Despite direct or indirect efforts of proteomic community, the fraction of blind spots on the protein map is still significant. Almost 14% of human master proteins () have no experimental validation up to now. Apparently, proteomics has reached the stage where all easy scores are achieved, and every next protein identification requires more intension and curiosity in expansion of unusual types of biomaterial and/or conditions.
We encompassed omnigeneous data obtained mass spectrometrically by members of Russian Proteomic community on more than 25 types of non-trivial biological samples and cell lines. These data were processed in a uniform manner by three search engines (X!Tandem, MS-GF+, OMSSA) being a part of SearchGUI package. We accompanied MS-data with the results of RNASeq, neXtProt and GPMdb analyses to estimate probability of unique peptide detection and hence the possibility to identify protein.
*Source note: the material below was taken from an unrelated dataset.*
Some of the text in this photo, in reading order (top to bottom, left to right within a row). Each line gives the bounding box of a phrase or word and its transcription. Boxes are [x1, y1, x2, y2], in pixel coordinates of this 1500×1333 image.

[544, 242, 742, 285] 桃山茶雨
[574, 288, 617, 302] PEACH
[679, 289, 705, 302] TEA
The study resulted in detection of 7 missing proteins with two peptides. Moreover, 149 missing proteins were detected with single proteotypic peptide. We analyzed the gene expression levels to suggest feasible targets for further validation of missing and uncertain protein observations, which will fully meet the requirements of the international consortium.
All proteins are on unequal terms from the very beginning: some of them have competitive advantage to be recaptured. Each case of protein identification is unique (and missing protein – especially) and requires custom-tailored approach and criteria of reliabilty. We believe that non-standard methodological and bioinformatical solutions applied to unusual biomaterials will be fruitful sources of unknown fragments of the proteomic puzzle. Taking into account this creative task, we invite the international community to reconsider specific quality requirements for the proteomic data to “missing” and uncertain proteins.